Antimatter is just like normal matter, but with opposite electric charge.
Such "oscillations" are well known among three other particle types, but this is the first time D-mesons have been seen doing it in a single study.
The team behind the collider's LHCb detector have put their results on the Arxiv repository, external.
The manuscript will be published in Physical Review Letters, external.
In the complicated zoo of subatomic physics, particles routinely decay into other particles, or spontaneously change from a matter type to their antimatter counterparts.
This "oscillation" forms an important part of the theory that attempts to tame the zoo - the Standard Model.
Mesons are part of a large family of particles made up of the fundamental particles known as quarks.
The protons and neutrons at the centres of the atoms of matter we know well are each made up of three such quarks.
Mesons, on the other hand, are made of just two - specifically one quark and one antimatter quark.
Theory holds that four members of the meson family can undergo the matter-antimatter oscillation - the matter and antimatter quarks both flip to their opposites.
Three particle types - K-mesons and two types of B-mesons had been caught in the act before.
LHCb has already been intimately involved in refining those prior measurements; in March 2012, the team confirmed earlier oscillation observations of a meson called Bs, and published the result in Physics Letters B, external.
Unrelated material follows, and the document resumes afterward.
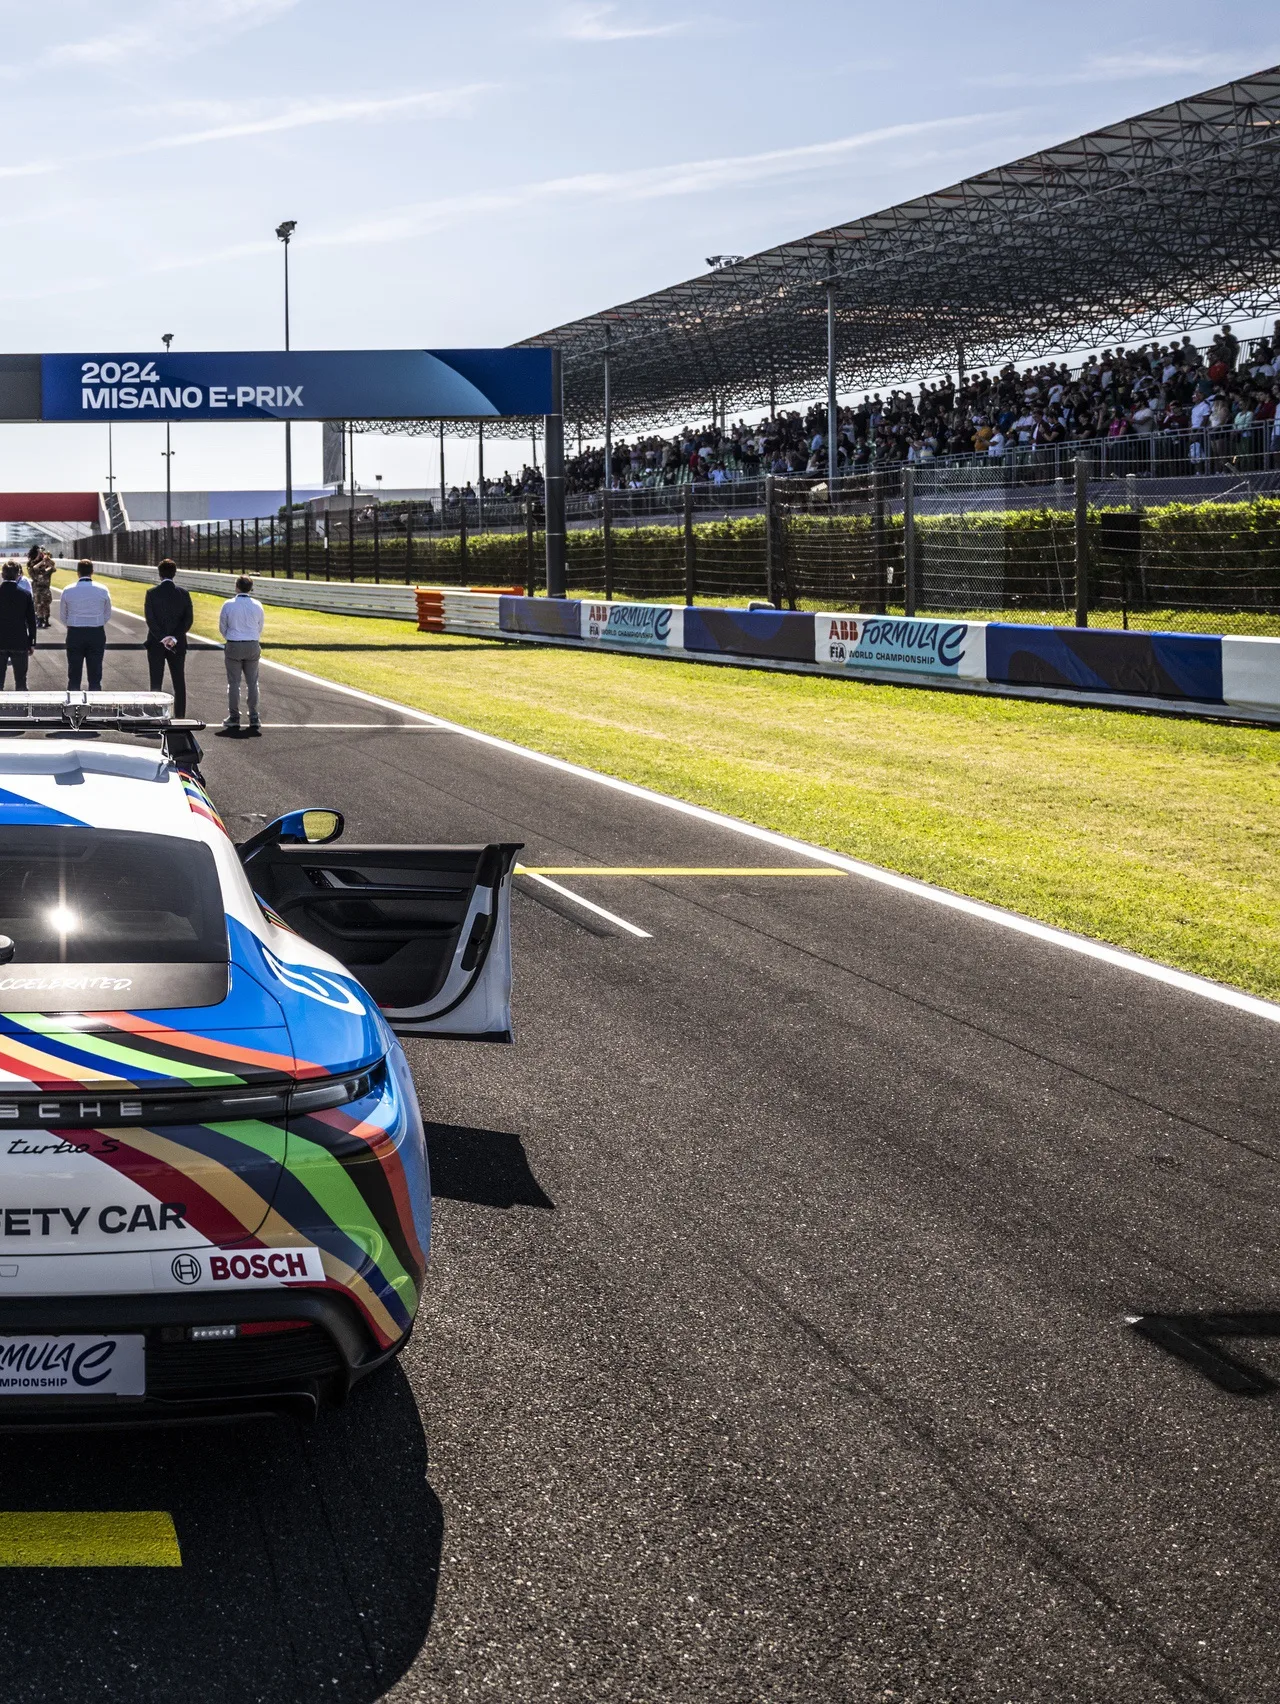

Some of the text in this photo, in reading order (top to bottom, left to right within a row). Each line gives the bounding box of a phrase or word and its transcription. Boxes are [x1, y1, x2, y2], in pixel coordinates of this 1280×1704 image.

On Tuesday, the team published results that set a new record of precision on the oscillations of the B0 meson, in the same journal, external.
The new paper represents the last of the four mesons that had never been seen flipping from matter to antimatter and back in a single measurement.
Other experiments had seen some evidence of the D-meson's flipping, but this is the first that crosses the "five sigma" level of statistical significance that particle physicists use to denote an official discovery.
"This is a nice moment, it's a sort of completeness," said Chris Parkes of the University of Manchester, spokesman for UK participation in the LHCb experiment.
"There are four systems in nature that oscillate, and this is the last one where a single-channel measurement has crossed the five-sigma threshold - we know now about mixing in all four of these systems," he told BBC News.
But what remains open is the question of why the Universe we see is made overwhelmingly of matter rather than antimatter - they should both have been created in equal measure during the Big Bang.
Mesons measured by LHCb have already hinted at an answer, and Prof Parkes says that is the next target.
"The LHC has had a tremendous first three years of operation, and now as we enter the first shutdown... we look forward to probing in great detail the [D meson] system using the data we've got so far and data to come."